In den Online-Shops können Kunden und Händler nur schwer belangt werden, bezahlt wird auf Darknet-Marktplätzen oft mit der Krypto-Währung Bitcoin. Um Bitcoin zu bekommen, gibt es gesonderte Onlinebörsen, wo man sein Geld in die Krypto-Währung umtauschen kann.

Doch die Anonymität, die ein Darknet bietet, ist auch ein Segen für Menschen in autoritär regierten Ländern, die sich vor Überwachung durch das Regime schützen wollen. Chinesische Dissidenten benutzen Darknet-Netzwerke genauso wie Journalisten oder Whistleblower. Auch viele ganz normale Webseiten haben Tor-Adressen, Facebook zum Beispiel ist unter https://facebookcorewwwi.onion/ zu erreichen.

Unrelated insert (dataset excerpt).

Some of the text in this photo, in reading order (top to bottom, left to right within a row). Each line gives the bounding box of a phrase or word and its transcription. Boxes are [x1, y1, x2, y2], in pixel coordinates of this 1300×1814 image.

Ist das Darknet das Gleiche wie das Deep Web?
Die Begriffe Darknet und Deep Web werden häufig synonym verwendet. Streng genommen gibt es zwischen Dark- und Deep Web aber einen Unterschied: den Zugangsweg. Deep-Web-Seiten lassen sich über einen normalen Browser aufrufen, Darknet-Seiten nicht.

Wenn man sich einen Eisberg vorstellt, ist das WWW die sichtbare Spitze über Wasser. Unter Wasser gibt es aber noch einen großen anderen Bereich: das Deep Web. Man findet es, wenn man weiß, wie man hinkommt.

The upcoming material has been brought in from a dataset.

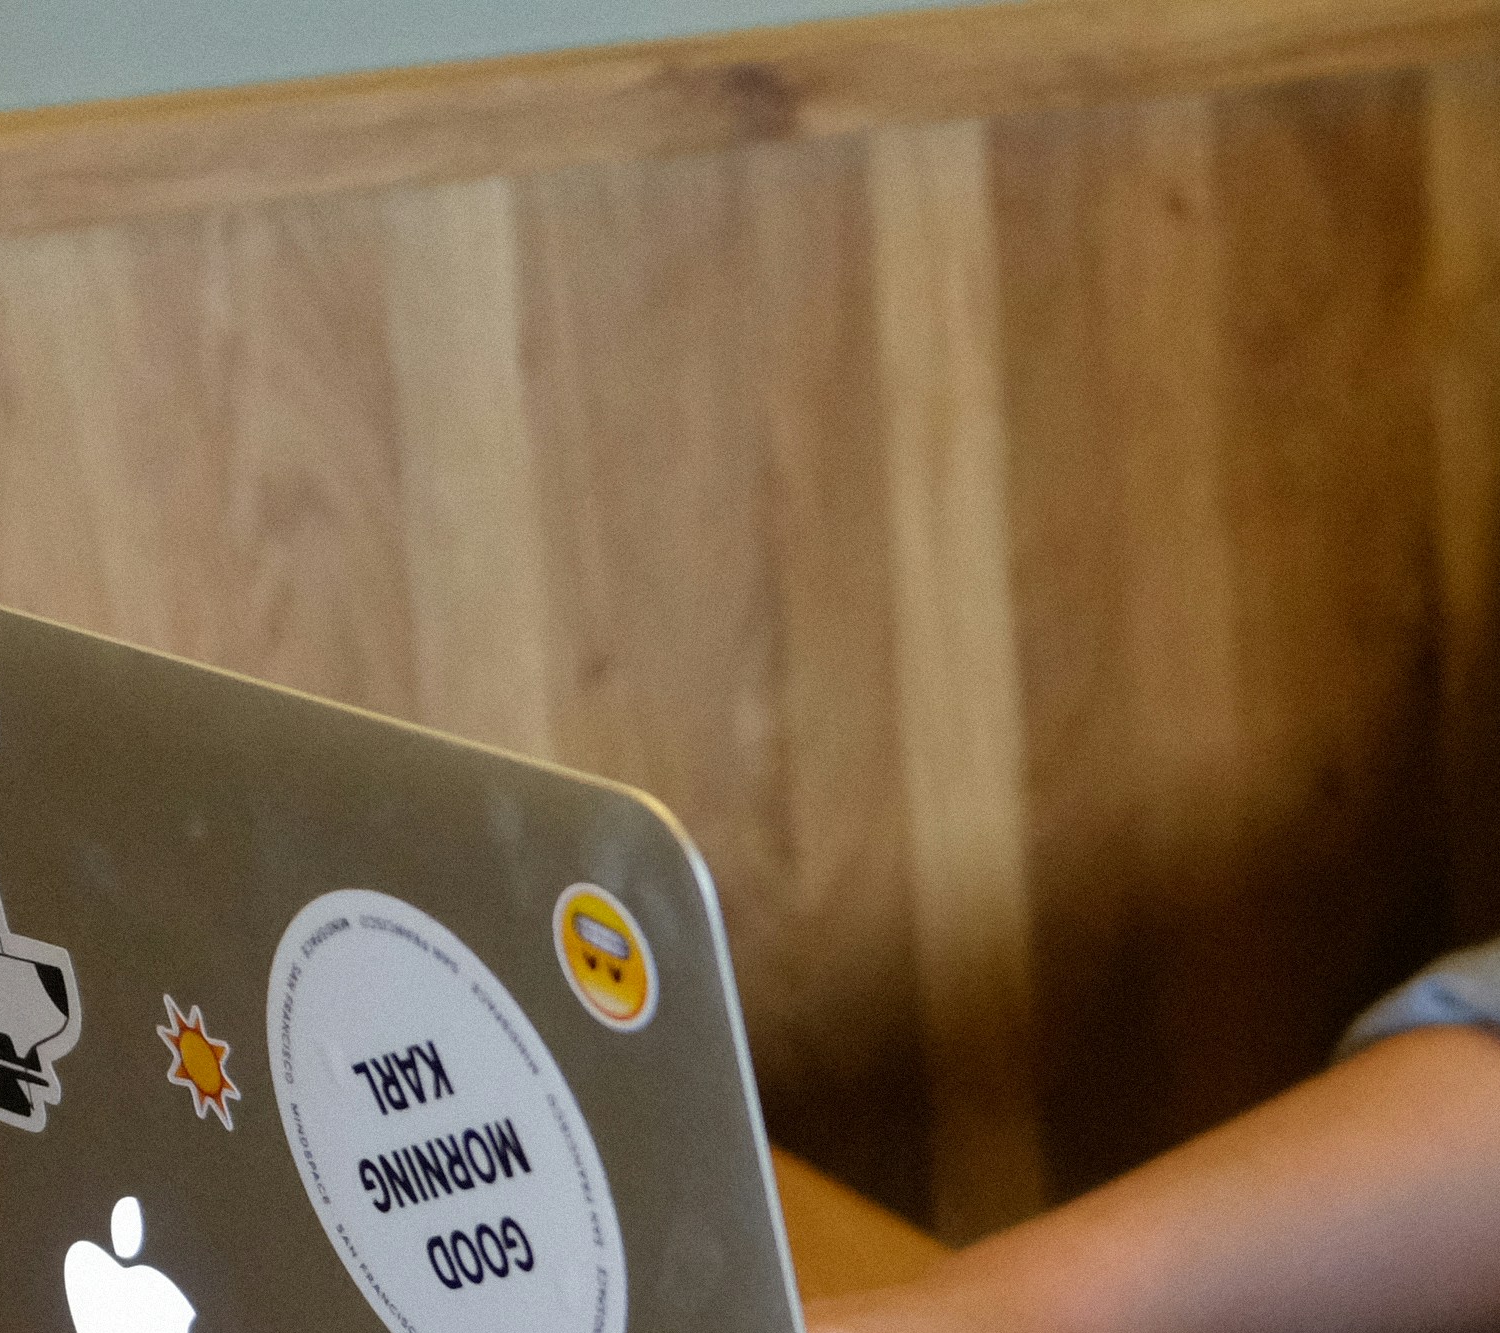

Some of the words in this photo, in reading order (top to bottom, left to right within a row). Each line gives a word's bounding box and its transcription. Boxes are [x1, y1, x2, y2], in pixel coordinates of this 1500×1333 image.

[352, 1038, 455, 1117] KARL
[291, 1103, 331, 1205] MINDSPACE
[357, 1117, 533, 1214] MORNING
[426, 1216, 535, 1290] GOOD

Auch das Deep Web wird nicht nur für illegale Sachen genutzt: Große Teile des Deep Webs sind sogar unspektakulär und bestehen zum Beispiel aus riesigen Informationsdatenbanken, passwortgeschützten Seiten und solchen, die nicht für Suchmaschinen gelistet sind und die bei einer Suche folglich nicht angezeigt werden.

Kann man eine Seite also mit einem normalen Browser und ohne Zusatzsoftware öffnen, liegt sie vielleicht im Deep Web, aber nicht im Darknet.